▶ WHAT YOU HAVE TO DO
Exactly as they stand, the data below are to be printed again.

[Text-to-region grounding data]
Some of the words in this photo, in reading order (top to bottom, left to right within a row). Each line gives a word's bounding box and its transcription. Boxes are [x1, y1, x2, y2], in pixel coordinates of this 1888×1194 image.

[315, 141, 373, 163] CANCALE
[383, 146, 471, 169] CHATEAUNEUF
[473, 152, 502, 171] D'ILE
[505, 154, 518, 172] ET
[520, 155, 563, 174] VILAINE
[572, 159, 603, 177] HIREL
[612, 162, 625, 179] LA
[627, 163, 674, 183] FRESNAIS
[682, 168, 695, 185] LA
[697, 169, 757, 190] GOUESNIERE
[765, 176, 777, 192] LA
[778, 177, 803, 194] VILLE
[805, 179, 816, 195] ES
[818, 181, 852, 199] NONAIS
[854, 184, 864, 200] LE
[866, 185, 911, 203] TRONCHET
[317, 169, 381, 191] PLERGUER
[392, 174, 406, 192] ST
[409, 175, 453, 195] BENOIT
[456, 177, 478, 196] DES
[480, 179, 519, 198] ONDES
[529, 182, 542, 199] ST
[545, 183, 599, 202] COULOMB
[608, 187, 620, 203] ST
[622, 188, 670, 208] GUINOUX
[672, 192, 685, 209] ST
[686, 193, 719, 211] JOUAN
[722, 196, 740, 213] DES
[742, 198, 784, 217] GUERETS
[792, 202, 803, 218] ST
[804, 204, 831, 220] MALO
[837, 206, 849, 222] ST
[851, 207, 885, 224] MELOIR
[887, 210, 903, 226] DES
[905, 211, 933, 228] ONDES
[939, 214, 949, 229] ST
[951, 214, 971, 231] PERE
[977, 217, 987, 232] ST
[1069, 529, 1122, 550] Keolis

▶ WRITTEN REPLY
Some of the words in this photo, in reading order (top to bottom, left to right within a row). Each line gives a word's bounding box and its transcription. Boxes are [x1, y1, x2, y2], in pixel coordinates of this 1888×1194 image.

[315, 141, 373, 163] CANCALE
[383, 146, 471, 169] CHATEAUNEUF
[473, 152, 502, 171] D'ILE
[505, 154, 518, 172] ET
[520, 155, 563, 174] VILAINE
[572, 159, 603, 177] HIREL
[612, 162, 625, 179] LA
[627, 163, 674, 183] FRESNAIS
[682, 168, 695, 185] LA
[697, 169, 757, 190] GOUESNIERE
[765, 176, 777, 192] LA
[778, 177, 803, 194] VILLE
[805, 179, 816, 195] ES
[818, 181, 852, 199] NONAIS
[854, 184, 864, 200] LE
[866, 185, 911, 203] TRONCHET
[317, 169, 381, 191] PLERGUER
[392, 174, 406, 192] ST
[409, 175, 453, 195] BENOIT
[456, 177, 478, 196] DES
[480, 179, 519, 198] ONDES
[529, 182, 542, 199] ST
[545, 183, 599, 202] COULOMB
[608, 187, 620, 203] ST
[622, 188, 670, 208] GUINOUX
[672, 192, 685, 209] ST
[686, 193, 719, 211] JOUAN
[722, 196, 740, 213] DES
[742, 198, 784, 217] GUERETS
[792, 202, 803, 218] ST
[804, 204, 831, 220] MALO
[837, 206, 849, 222] ST
[851, 207, 885, 224] MELOIR
[887, 210, 903, 226] DES
[905, 211, 933, 228] ONDES
[939, 214, 949, 229] ST
[951, 214, 971, 231] PERE
[977, 217, 987, 232] ST
[1069, 529, 1122, 550] Keolis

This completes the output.